The term "1 to 3 hydrogen atoms are substituted with at least one selected from the group consisting of halogen and isothiocyanate groups" means that 1 to 3 hydrogen atoms may be substituted with only halogen, only isothiocyanate groups, or both halogen and isothiocyanate groups.
Further, R 1-R5 is independently selected from a hydrogen atom, a fluorine atom, a cyano group, an isothiocyanate group, an alkyl group of C 1–C10 which is unsubstituted or substituted with 1 to 3 fluorine atoms or with phenyl isothiocyanate, an alkoxy group of C 1–C10 which is unsubstituted or substituted with 1 to 3 fluorine atoms, an alkylthio group of C 1–C3 which is unsubstituted or substituted with 1 to 2 isothiocyanate groups, a phenoxy group or an ester group of C 1-C5 which is unsubstituted, and R 1-R5 is not simultaneously hydrogen.
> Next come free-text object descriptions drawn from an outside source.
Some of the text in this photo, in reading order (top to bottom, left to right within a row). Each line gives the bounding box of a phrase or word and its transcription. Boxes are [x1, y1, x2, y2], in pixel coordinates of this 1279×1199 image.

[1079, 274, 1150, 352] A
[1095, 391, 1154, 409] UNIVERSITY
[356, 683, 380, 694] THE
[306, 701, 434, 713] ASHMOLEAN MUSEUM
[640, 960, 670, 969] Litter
Further, R 1-R5 is independently selected from the group consisting of a hydrogen atom, a fluorine atom, a cyano group, an isothiocyanate group, a methyl group, an ethyl group, an n-decyl group, -CF 3、-OCH3、-OCH2CH3、-SCH3、-SCF3、-COOCH3, a,Or alternatively
Preferably, the compound having the structure shown in formula I is selected from at least one of the compounds having the structure shown below:
further, the mass of the compound having the structure shown in formula I accounts for 0.1% -6.0% of the total mass of the electrolyte, and is preferably 0.2% -1.0%.
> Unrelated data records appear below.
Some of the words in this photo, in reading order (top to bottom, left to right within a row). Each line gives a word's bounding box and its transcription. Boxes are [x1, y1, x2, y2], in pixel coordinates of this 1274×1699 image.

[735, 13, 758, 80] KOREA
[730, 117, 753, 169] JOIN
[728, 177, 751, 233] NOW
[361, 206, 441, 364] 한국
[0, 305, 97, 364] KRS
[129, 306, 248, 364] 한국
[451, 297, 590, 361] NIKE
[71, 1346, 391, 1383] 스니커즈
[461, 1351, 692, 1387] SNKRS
Further, the organic solvent comprises chain ester and cyclic ester, the mass of the chain ester accounts for 30-80% of the total mass of the electrolyte, the mass of the cyclic ester accounts for 15-50% of the total mass of the electrolyte, and the mass ratio of the chain ester to the cyclic ester is (5-9): 2-4.
Further, the chain ester comprises one or more of dimethyl carbonate (DMC), methyl ethyl carbonate (EMC), diethyl carbonate (DEC), methyl Propyl Carbonate (MPC), diphenyl carbonate (DPhC), ethyl Acetate (EA), propyl Acetate (PA), methyl Propionate (MP), ethyl Propionate (EP), propyl Propionate (PP), methyl Butyrate (MB) and Ethyl Butyrate (EB), and the cyclic ester comprises one or more of Ethylene Carbonate (EC), propylene Carbonate (PC), butylene Carbonate (BC), fluoroethylene carbonate (FEC) and gamma-butyrolactone (gamma-GBL).
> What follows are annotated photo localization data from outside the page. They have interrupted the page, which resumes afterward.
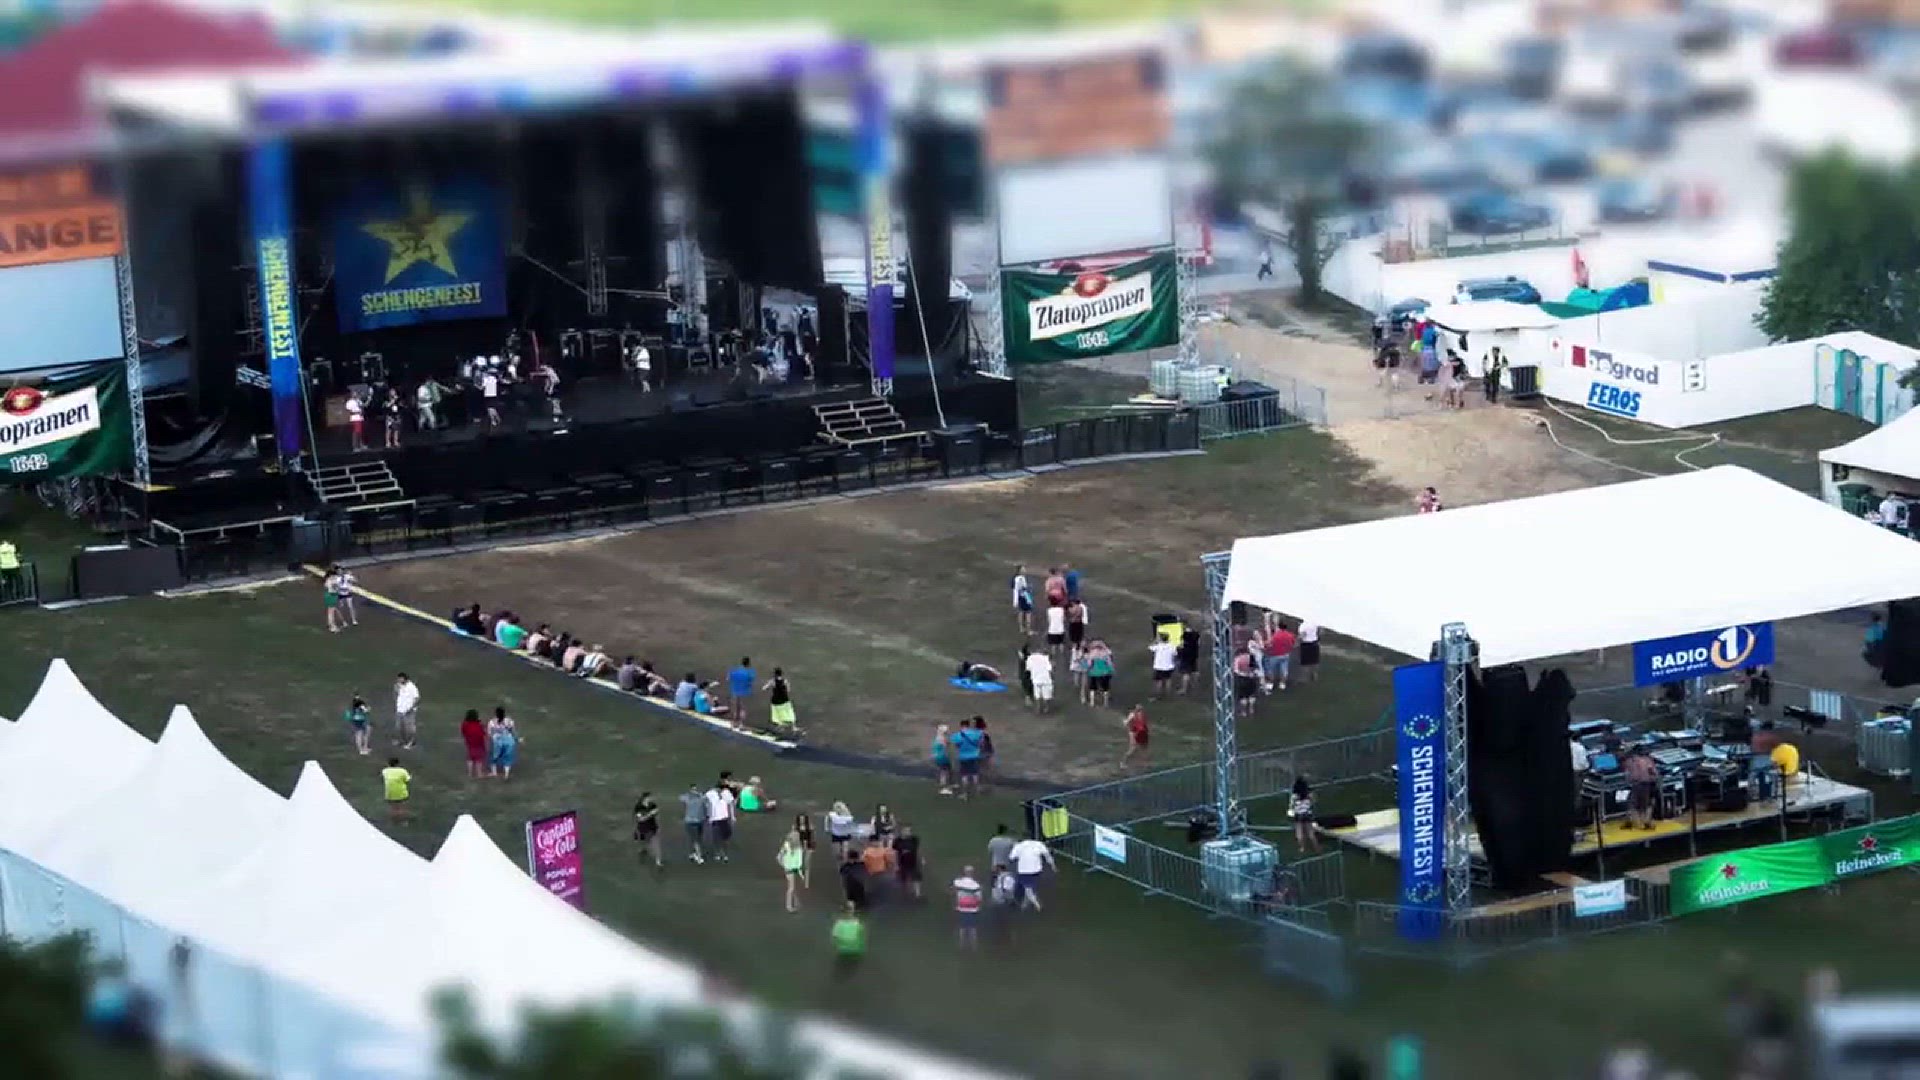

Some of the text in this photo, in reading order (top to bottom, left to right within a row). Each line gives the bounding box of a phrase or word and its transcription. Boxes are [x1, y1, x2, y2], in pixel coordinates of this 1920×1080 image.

[361, 282, 482, 316] SCHENGENFEST
[1035, 287, 1146, 330] Zlatopramen
[1076, 331, 1110, 349] 1642
[1588, 381, 1642, 413] FEROS
[0, 403, 90, 446] opramen
[10, 453, 49, 474] 1642
[1651, 647, 1708, 670] RADIO
[1717, 626, 1739, 661] 1
[1411, 745, 1434, 877] SCHENGENFEST
[537, 816, 575, 850] Captain
[555, 835, 576, 858] Cola
[1836, 848, 1902, 875] Heineken
[1699, 879, 1769, 903] Heineken
Further, the lithium salts include lithium hexafluorophosphate (LiPF 6) and a second lithium salt, the second lithium salt including one or more of lithium tetrafluoroborate (LiBF 4), lithium bis (LiBOB) oxalate, lithium difluoro (LiDFOB) oxalate, lithium difluoro (LiDFOP) oxalate, lithium bis (fluorosulfonyl) imide (LiPSI) and lithium bis (trifluoromethylsulfonyl) imide (LiTFSI).
Further, the mass of LiPF 6 is 12-15% of the total mass of the electrolyte, the mass of the second lithium salt is 0-10% of the total mass of the electrolyte, liPF 6 is 80-100% of the total mass of LiPF 6 and the second lithium salt, and the second lithium salt is 0-15% of the total mass of LiPF 6 and the second lithium salt.
The invention also provides a preparation method of the electrolyte, which comprises the following steps:
Adding lithium salt into organic solvent, mixing compound with structure shown in formula I into the mixed solution to obtain electrolyte, and further mixing lithium salt and organic solvent at temperature not higher than 2deg.C.
Since the electrolyte temperature increases due to heat release when the lithium salt is added, and the lithium salt is decomposed to some extent by heat, it is necessary to control the temperature at a low temperature when the lithium salt is mixed with the solvent.
In another aspect of the invention, a lithium ion battery using the above electrolyte is provided.
Further, the lithium ion battery also comprises a positive electrode active material, a negative electrode active material and the electrolyte.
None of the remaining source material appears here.